Member of the U.S. House of Representatives from New York's 24th district
- In office March 4, 1843 – March 3, 1847
- Preceded by: Christopher Morgan
- Succeeded by: Daniel Gott

Member of the New York State Assembly
- In office 1834

Personal details
- Born: February 24, 1803 New Milford, Connecticut, U.S.
- Died: June 23, 1882 (aged 79) Syracuse, New York, U.S.
- Party: Democratic

= Horace Wheaton =

American politician

Horace Wheaton (February 24, 1803 – June 23, 1882) was an American businessman and politician who served as a United States representative for New York's 24th congressional district from 1843 to 1847.

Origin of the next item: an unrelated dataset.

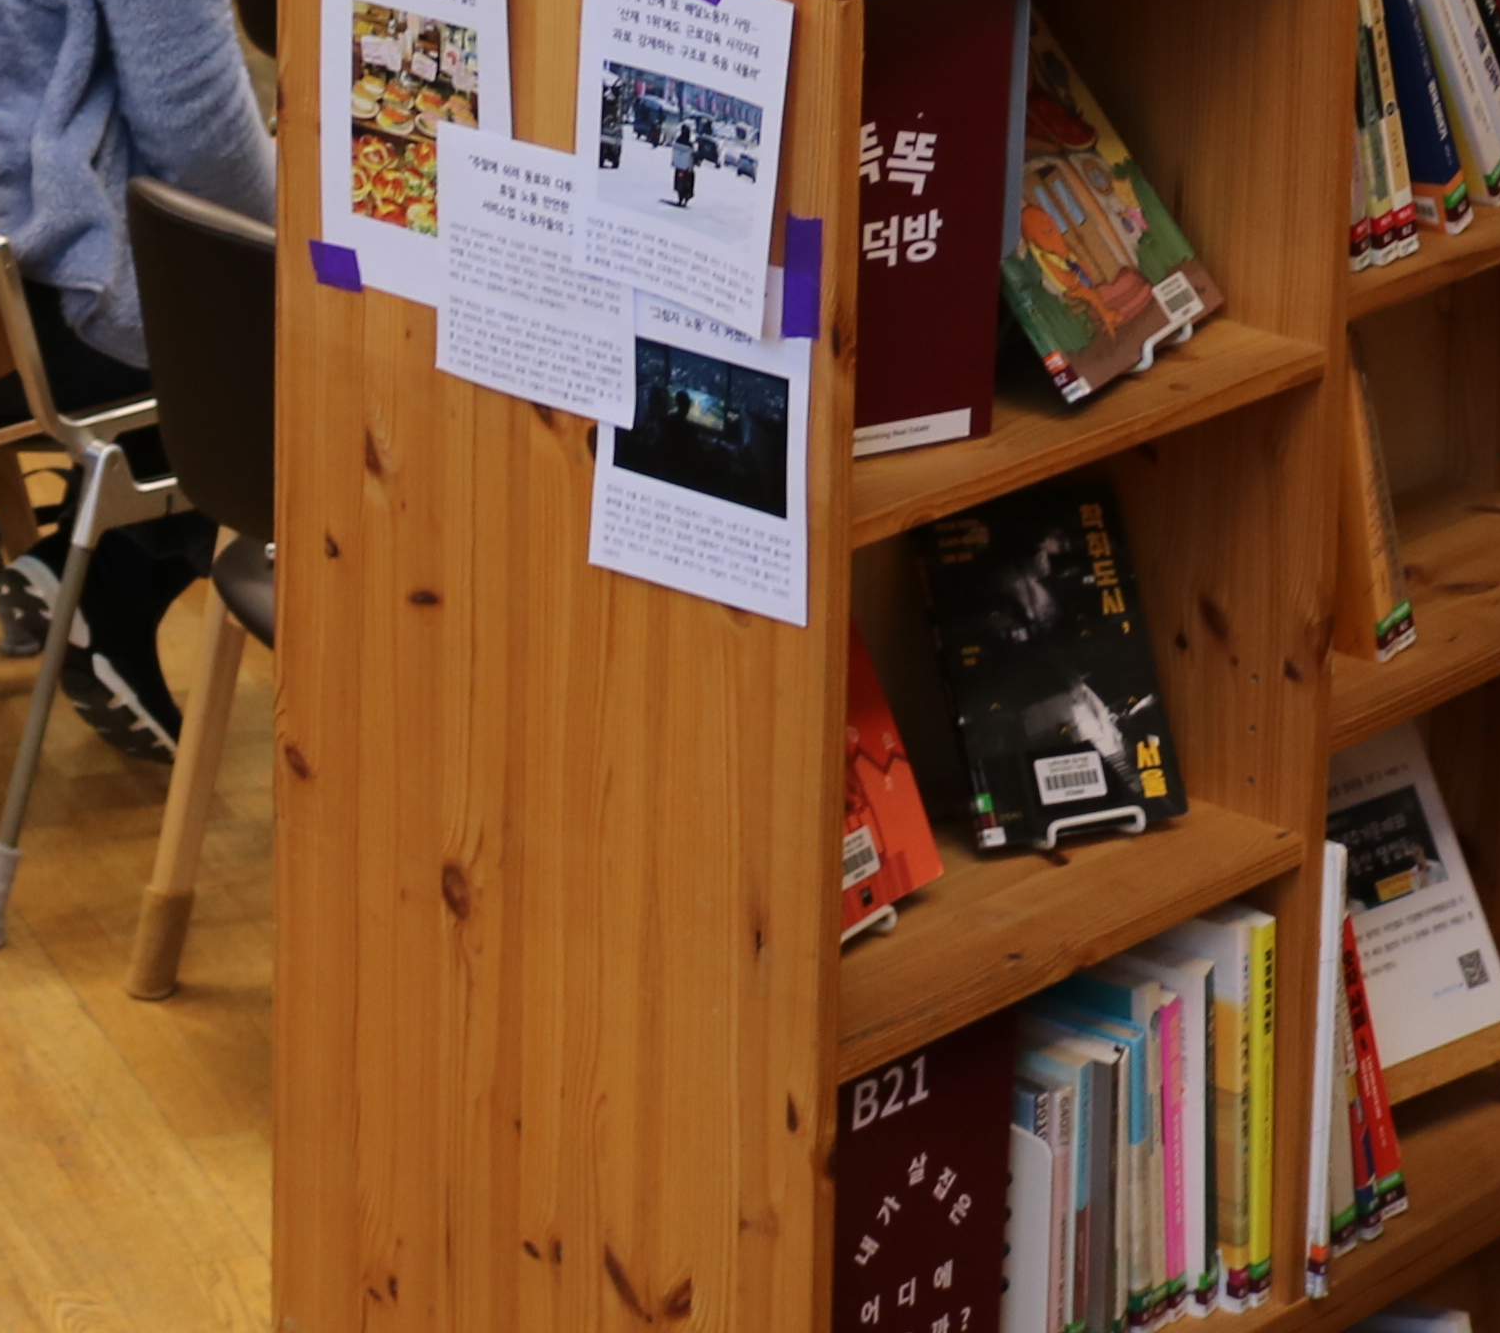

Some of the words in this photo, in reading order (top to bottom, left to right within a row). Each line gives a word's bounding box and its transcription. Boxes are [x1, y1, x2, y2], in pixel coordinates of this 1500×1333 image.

== Early life and education ==
Born in New Milford, Connecticut, he moved with his parents to Pompey, New York in 1810. He received limited schooling and graduated from Pompey Academy.

== Career ==
Wheaton engaged in mercantile pursuits and was a member of the New York State Assembly in 1834. He was one of the commissioners to build a railroad between Syracuse and Utica, and was postmaster of Pompey from 1840 to 1842. He was supervisor and city treasurer of Pompey and was elected as a Democrat to the Twenty-eighth and Twenty-ninth Congresses, representing New York's 24th congressional district, holding office from March 4, 1843, to March 3, 1847. He was not a candidate for renomination in 1846 and that year moved to Syracuse. He was mayor of Syracuse from 1851 to 1853 and city treasurer in 1857 and 1858. He also engaged in hardware, saddlery, and mercantile pursuits.

== Personal life ==
Wheaton died in Syracuse in 1882. He was interred at the Oakwood Cemetery.